Activity
Transcribe all of the data exactly. Omit the pictures.

Input records
::::

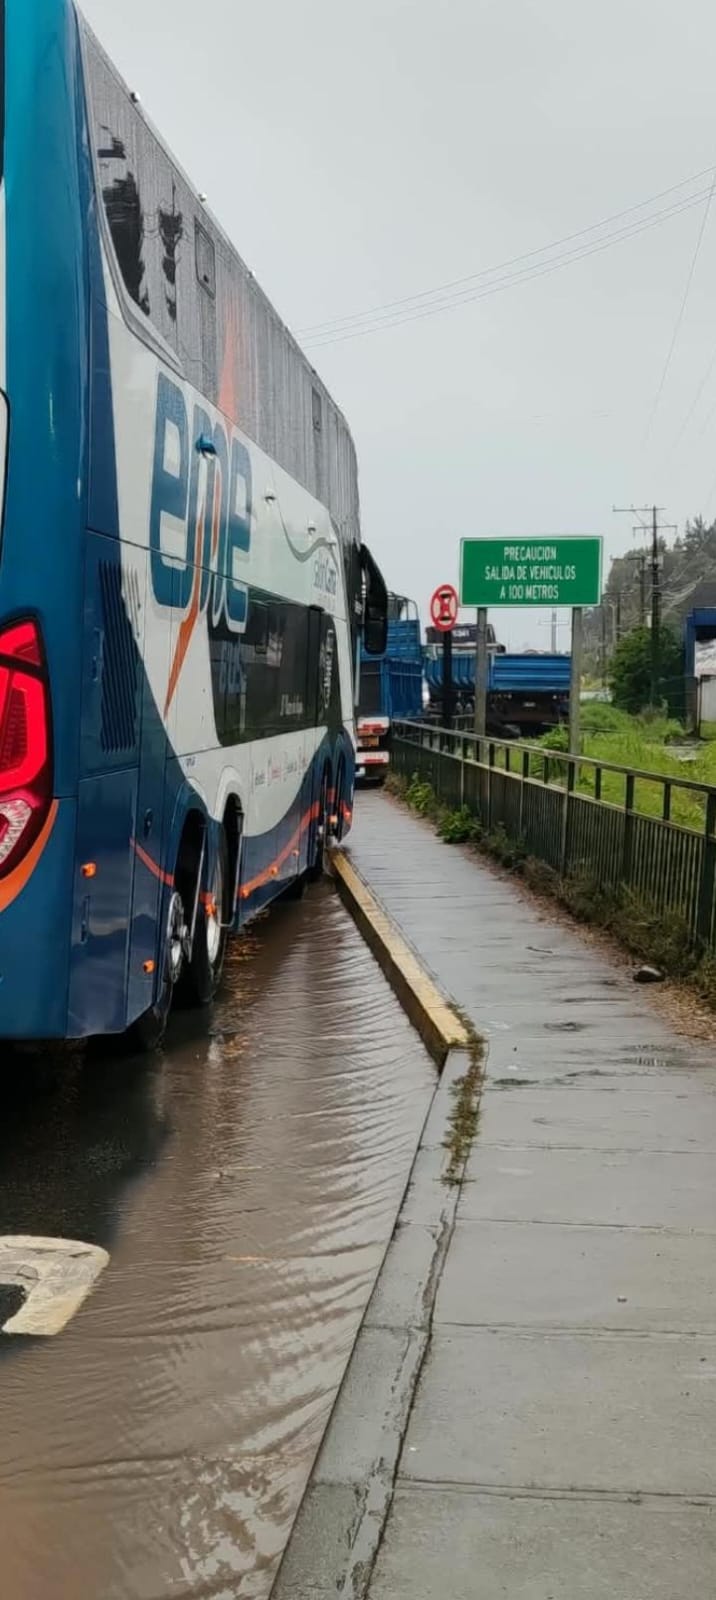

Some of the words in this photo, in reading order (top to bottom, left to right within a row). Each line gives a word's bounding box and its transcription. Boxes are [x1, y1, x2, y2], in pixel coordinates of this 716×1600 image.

[150, 371, 252, 628] eme
[503, 546, 557, 561] PRECAUCION
[485, 565, 515, 581] SALIDA
[517, 565, 528, 580] DE
[529, 565, 576, 580] VEHICULOS
[500, 585, 506, 600] A
[508, 585, 524, 600] 100
[525, 584, 559, 600] METROS

::::

Completed exercise
Some of the words in this photo, in reading order (top to bottom, left to right within a row). Each line gives a word's bounding box and its transcription. Boxes are [x1, y1, x2, y2], in pixel coordinates of this 716×1600 image.

[150, 371, 252, 628] eme
[503, 546, 557, 561] PRECAUCION
[485, 565, 515, 581] SALIDA
[517, 565, 528, 580] DE
[529, 565, 576, 580] VEHICULOS
[500, 585, 506, 600] A
[508, 585, 524, 600] 100
[525, 584, 559, 600] METROS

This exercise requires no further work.